I've always liked jazz, but I'm far from an expert, which is why I seldom write about the genre sometimes known as "America's Classical Music." I don't want to come off looking foolish. However, Dave Brubeck's Time Out, the first instrumental jazz album to sell one million copies, is celebrating it's fiftieth anniversary this year so it's time to take a look at one of the most famous jazz recordings of all time. Time Out is the ultimate classic by Brubeck's quartet and it's one of those rare records that have always been appreciated by both jazz aficionados and pop music fans alike.
Time Out is famous for being one of the first jazz records to employ unusual time signatures. Until this album most jazz was in either 3/4 or 4/4 time. Brubeck dared to use 5/4 and even 9/8 time signatures while offering up some of the most melodic jazz ever put on vinyl. Brubeck's piano and Paul Desmond's saxophone received most of the attention even though the rhythm section of Eugene Wright on bass and Joe Morello on drums were outstanding. Morello, especially, has never received the accolades he deserves for his unique work on this disc.

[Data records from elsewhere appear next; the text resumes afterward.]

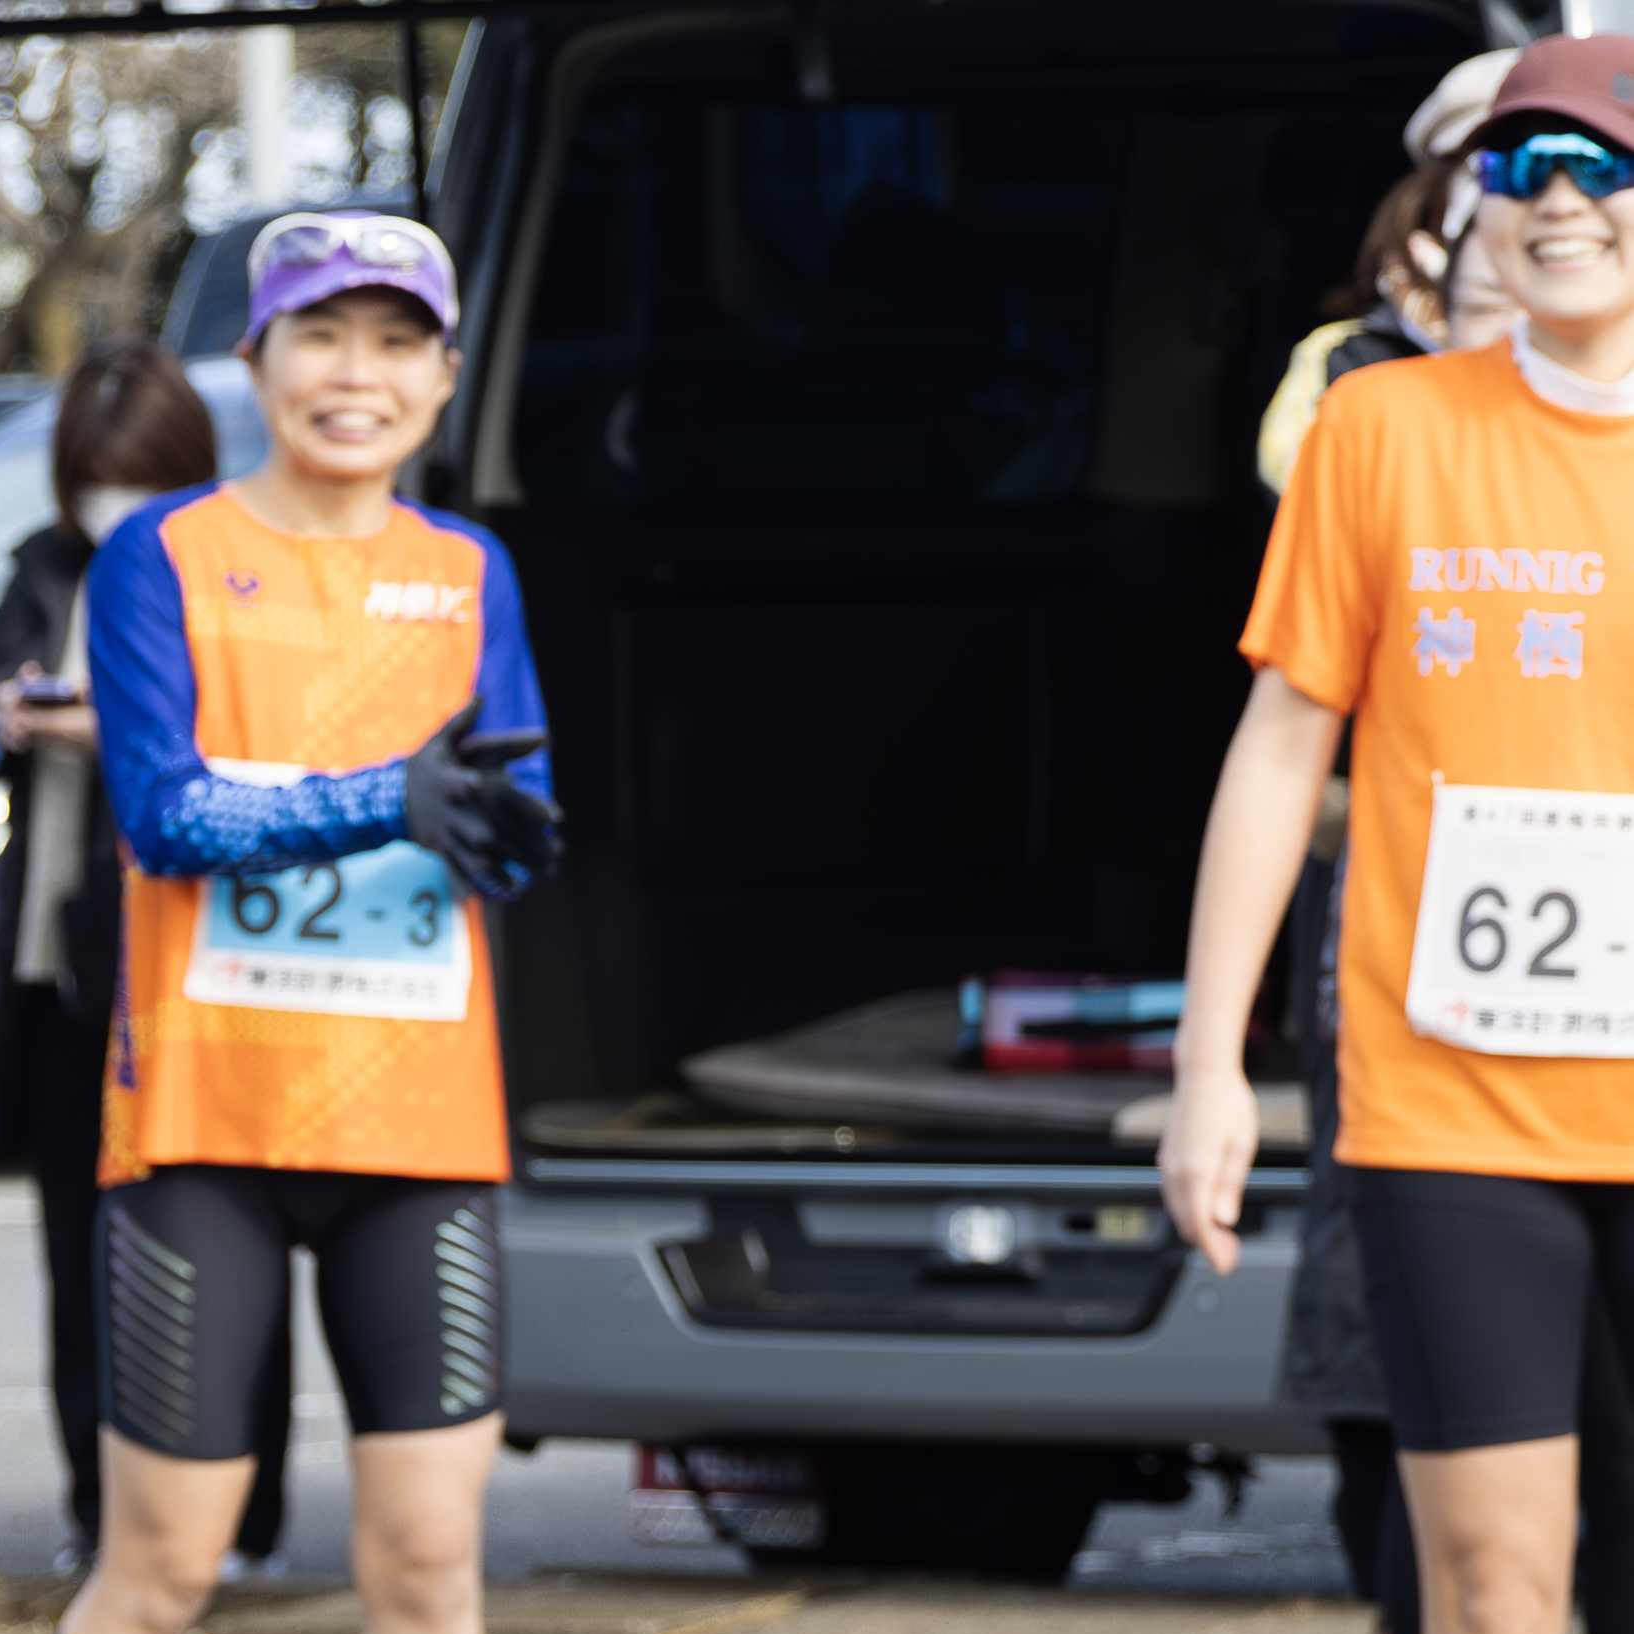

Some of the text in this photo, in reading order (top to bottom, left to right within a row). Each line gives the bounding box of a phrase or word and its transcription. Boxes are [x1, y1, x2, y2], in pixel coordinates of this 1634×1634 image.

[1410, 547, 1606, 595] RUNNIG
[1411, 606, 1587, 681] 神栖
[233, 865, 341, 939] 62
[409, 890, 441, 947] 3
[1459, 886, 1578, 977] 62
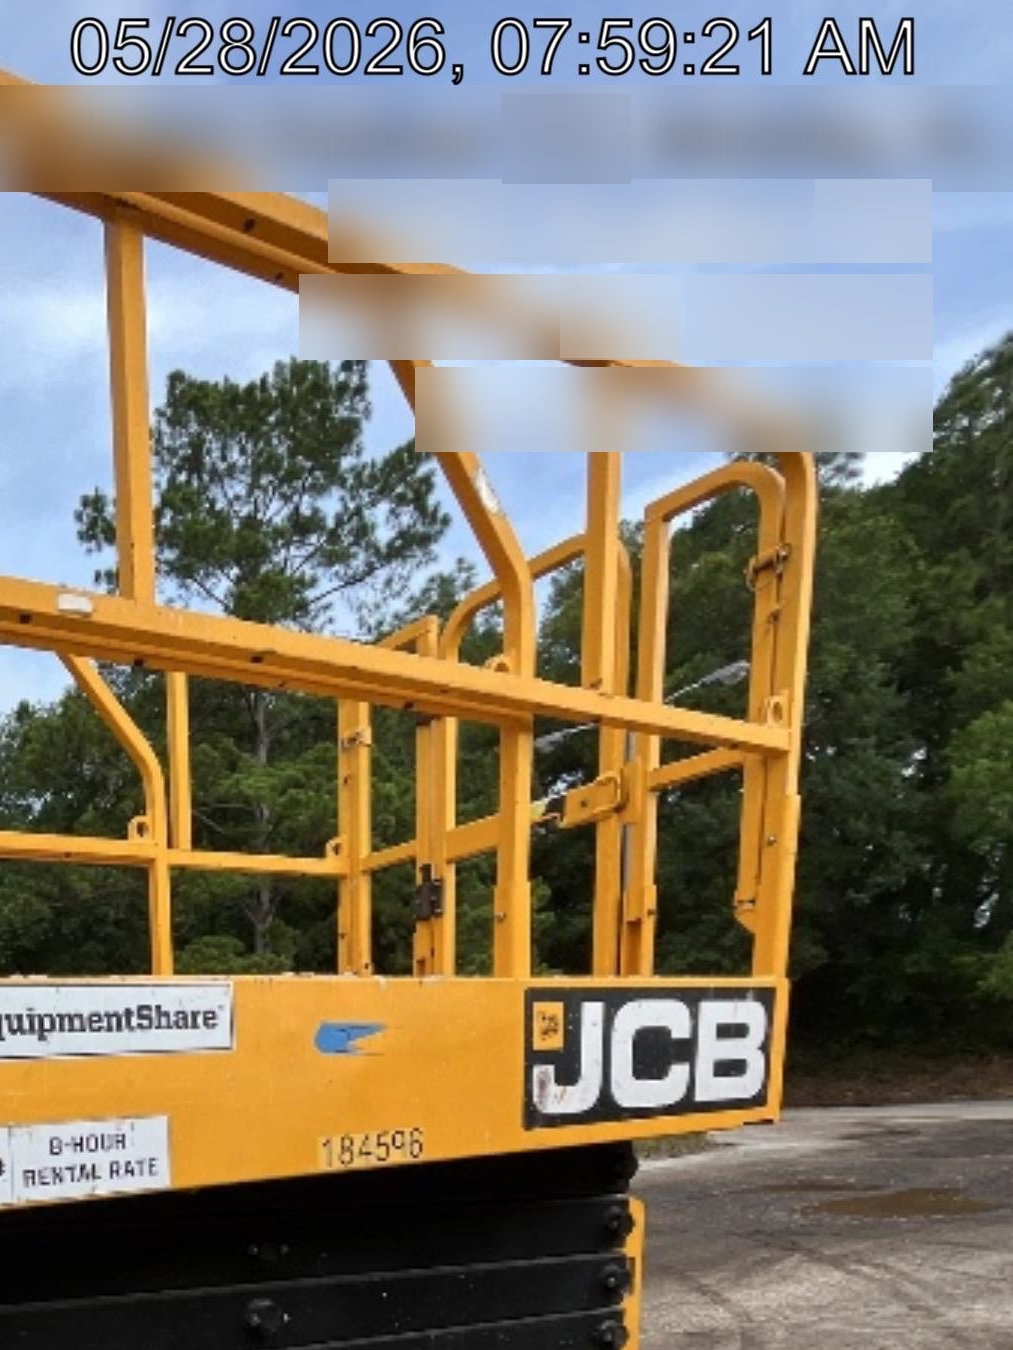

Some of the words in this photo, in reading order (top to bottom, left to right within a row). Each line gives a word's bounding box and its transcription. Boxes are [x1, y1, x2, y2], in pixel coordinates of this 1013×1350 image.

"Take Five," Desmond's only composition on the record, is the stunner and it became a huge crossover hit. It even broke ground on mainstream radio in an era of rockabilly, doo-wop, and teen idols. The LP's opener, "Blue Rondo A La Turk," with it's tempo changes and offbeat arrangement is the album's other standout track.
Why did this album and "Take Five" find their way on to the pop charts? By 1959 Elvis Presley's stock had already started to plummet, and the British invasion was still a few years away from shaking up the planet, so there wasn't a whole lot of quality pop music available. Maybe the answer is that during this dark period between two musical eras that became cultural phenomenons the public was clamoring for something more substantial and Brubeck's band simply found a way to satisfy that need.